Breaking her calculated silence on the issue, Hillary Clinton said young Michael Brown was a victim of police brutality in Ferguson, Mo., the latest in a long line of helpless black victims mowed down by racist cops who are part of America’s corrupt criminal justice system.
It’s just more left-wing sloganeering, staples of which are knee-jerk cop hatred and making excuses for black criminals.
Clinton, wife of the man some used to call America’s “first black president,” has a long history of race-baiting and race-based pandering. She patronized black Americans in her insultingly awful mock African-American accent when she gave her infamous “I don’t feel no ways tired” speech.
The all-but-declared candidate for the 2016 Democratic nomination for president’s media-hyped public epiphany about Ferguson and Michael Brown comes days after 18-year-old Brown was laid to rest following a grotesque political rally led by the abominable racial arsonist Al Sharpton.

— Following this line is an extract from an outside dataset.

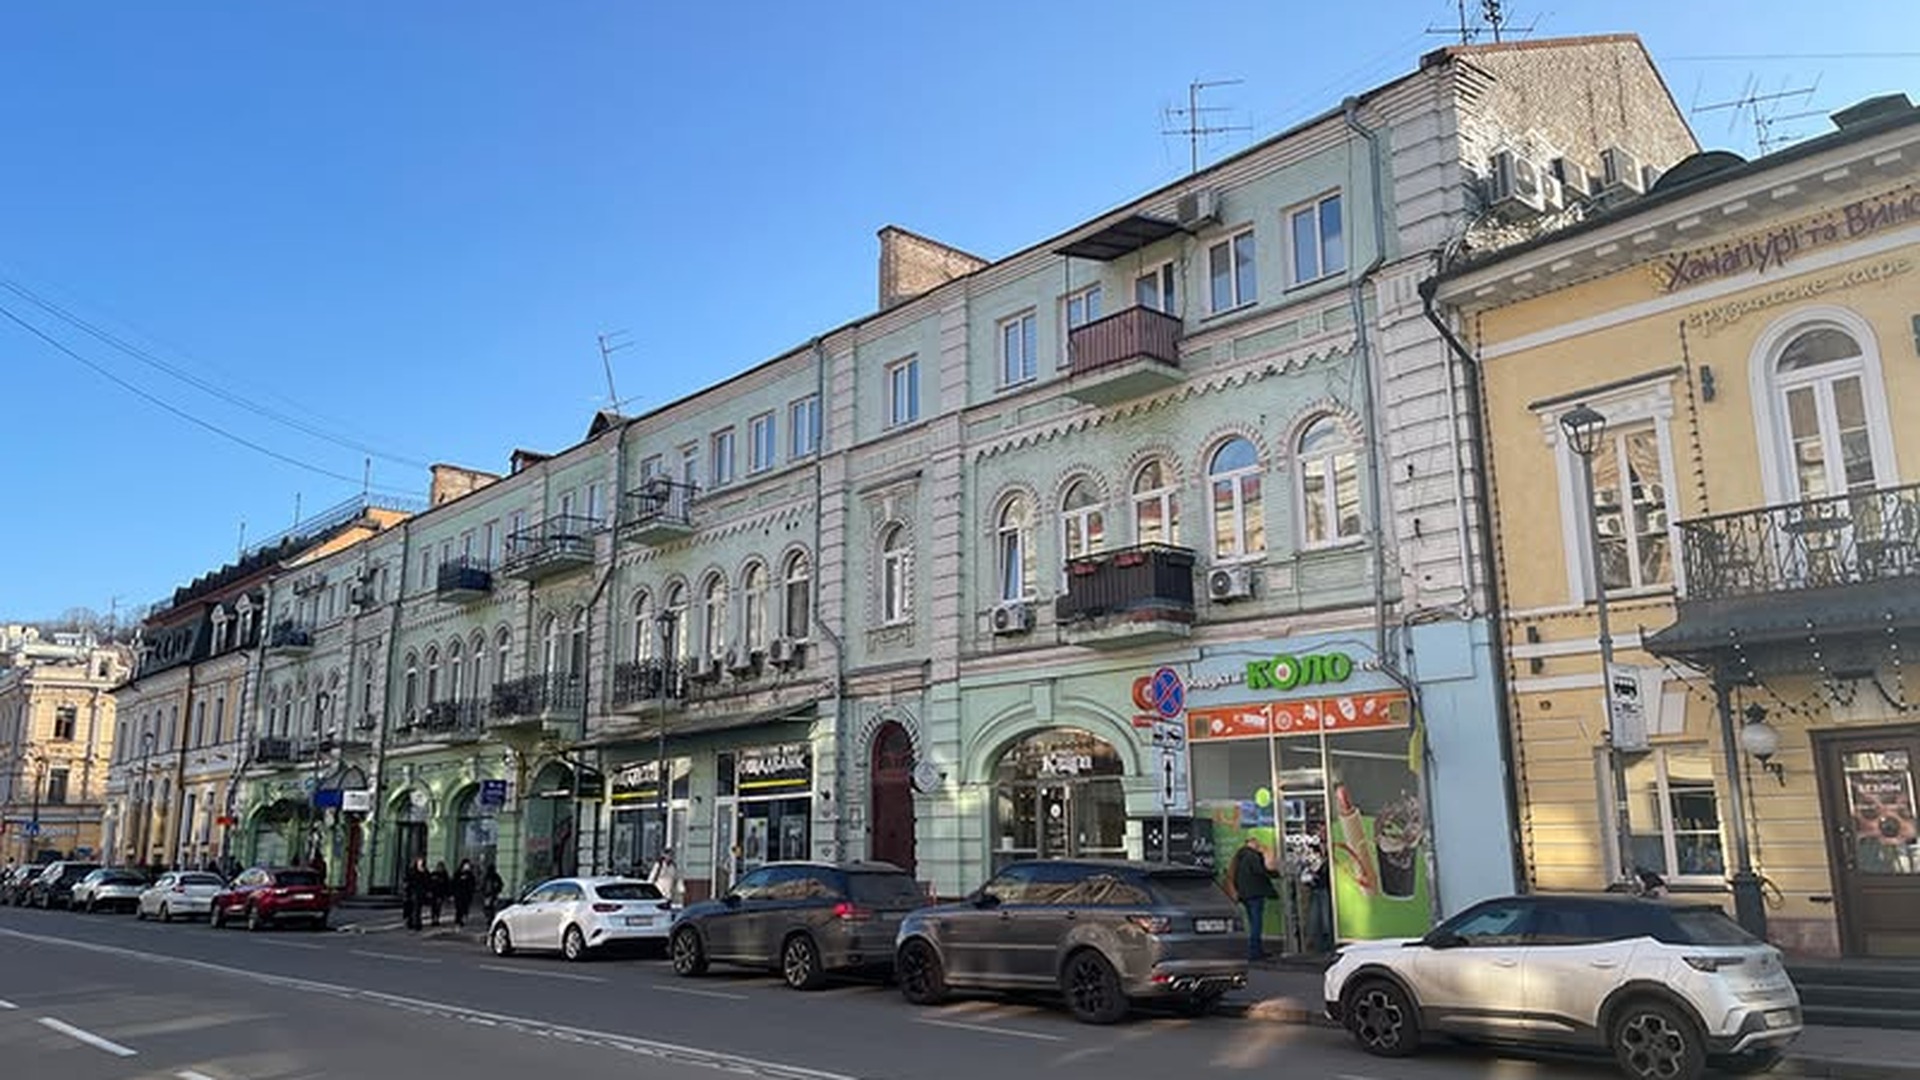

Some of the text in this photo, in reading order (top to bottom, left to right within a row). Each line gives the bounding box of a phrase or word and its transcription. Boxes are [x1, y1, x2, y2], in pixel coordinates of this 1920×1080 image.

[1665, 230, 1800, 291] Хачапурі
[1804, 224, 1837, 243] та
[1839, 258, 1915, 290] кафе
[1246, 652, 1352, 690] КОЛО

The former U.S. secretary of state embraces the politically correct lie that a helpless 6’4″ 292-lbs. Brown was shot in cold blood, arms raised while attempting to surrender to white police officer Darren Wilson, instead of the less convenient truth that Brown was trying to crush the decorated cop’s skull with his bare hands and reaching for the man’s handgun. Left-wingers like Clinton also prefer to ignore that fact that minutes before he attacked Wilson, Brown was captured on video bullying a much smaller East Indian shopkeeper during a robbery, an act that some might consider a hate crime. And the public is still waiting for Brown’s not-yet-released postmortem toxicology report.
The myth that Brown was a gentle giant won’t die. The racial-grievance industry, egged on by President Obama and his fellow radicals, won’t let it go. They need rampant racial tension and cop-hatred to persist in order to motivate their political base if Democrats are to have any hope of maintaining control of the U.S. Senate after the November congressional elections.

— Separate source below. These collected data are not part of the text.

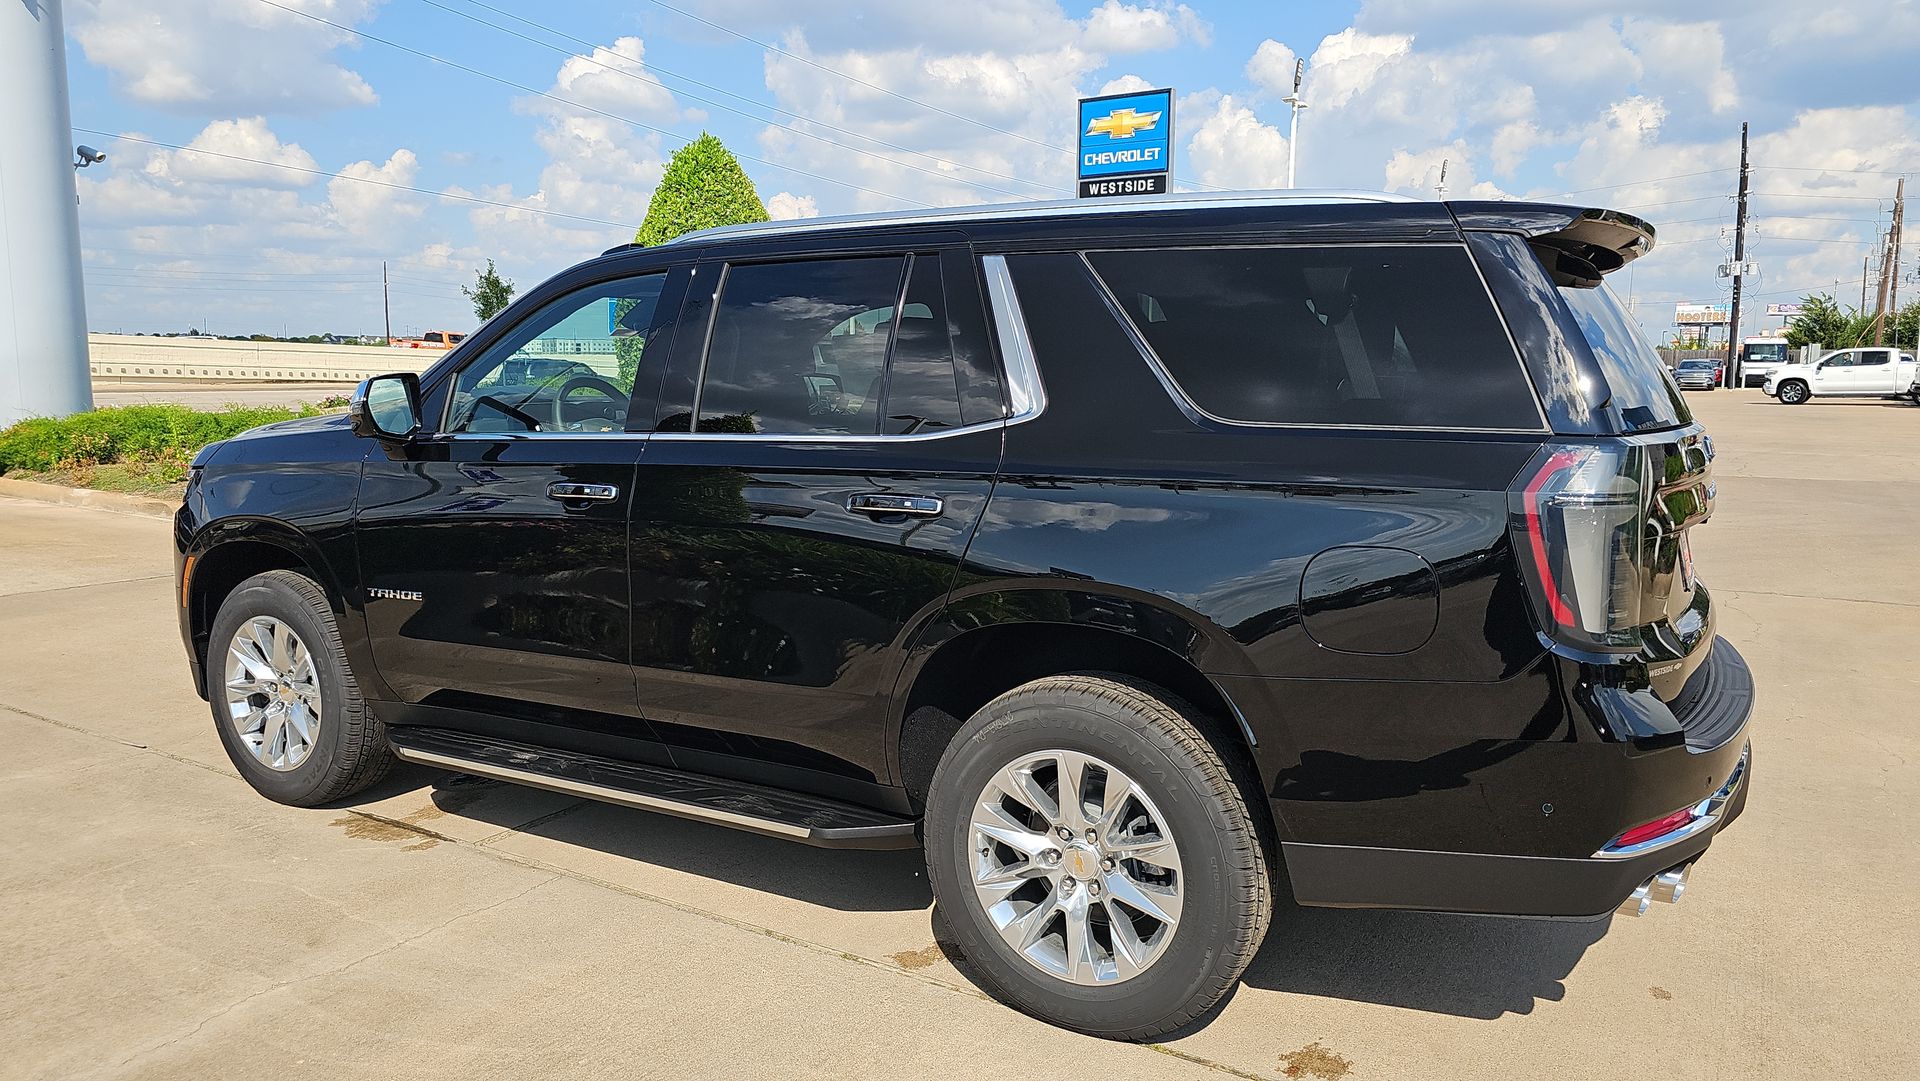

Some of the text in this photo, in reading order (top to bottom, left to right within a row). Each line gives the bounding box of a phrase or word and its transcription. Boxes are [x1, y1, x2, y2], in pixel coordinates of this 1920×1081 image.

[1084, 147, 1161, 166] CHEVROLET
[1088, 179, 1155, 195] WESTSIDE
[366, 587, 423, 601] TAHOE
[1649, 664, 1674, 678] WESTSIDE
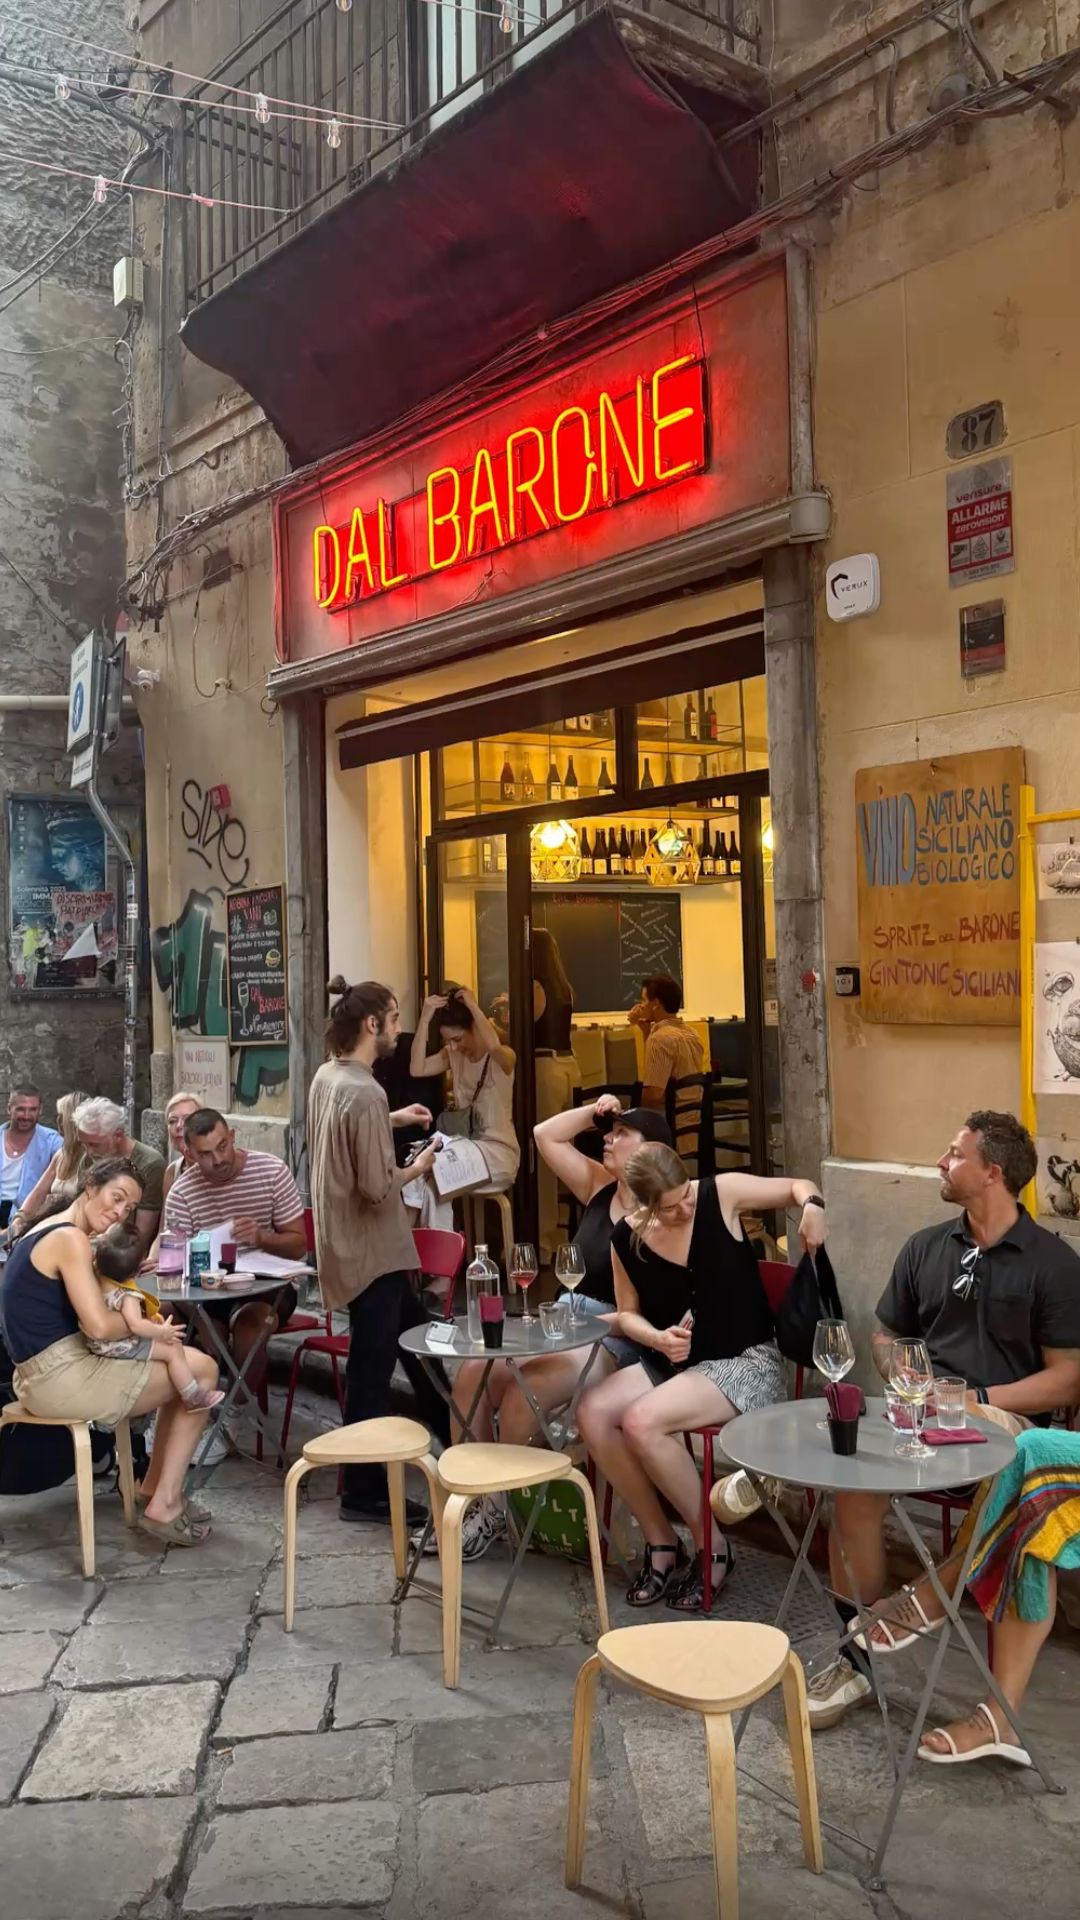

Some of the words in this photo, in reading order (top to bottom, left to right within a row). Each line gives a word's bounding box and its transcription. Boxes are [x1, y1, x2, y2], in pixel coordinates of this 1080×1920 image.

[961, 408, 996, 452] 87
[312, 497, 409, 609] DAL
[425, 352, 697, 571] BARONE
[955, 483, 1003, 503] verisure
[951, 496, 1009, 525] ALLARME
[840, 579, 869, 593] VERUX
[926, 783, 1013, 827] NATURALE
[857, 785, 917, 888] VINO
[916, 818, 1015, 854] SICILIANO
[917, 850, 1015, 886] BIOLOGICO
[873, 923, 937, 950] SPRITZ
[957, 911, 1020, 944] BARONE
[869, 959, 899, 988] GIN
[896, 957, 950, 986] TONIC

Clinton, the Benghazi bungler whose studied nonfeasance on Sept. 11, 2012, got four Americans, including U.S. Ambassador to Libya Chris Stevens, killed by Muslim terrorists, told a San Francisco audience:
“This summer, the eyes of our country and indeed the world have been focused on one community in the middle of the American heartland, Ferguson, Missouri. Watching the recent funeral for Michael Brown, as a mother, as a human being, my heart just broke for his family, because losing a child is every parent’s greatest fear and an unimaginable loss.
But I also grieve for that community and for many like it across our country. Behind the dramatic, terrible pictures on television, are deep challenges that will be with them and with us long after the cameras move on. This is what happens when the bonds of trust and respect that hold any community together fray. Nobody wants to see our streets look like a war zone, not in America. We are better than that.”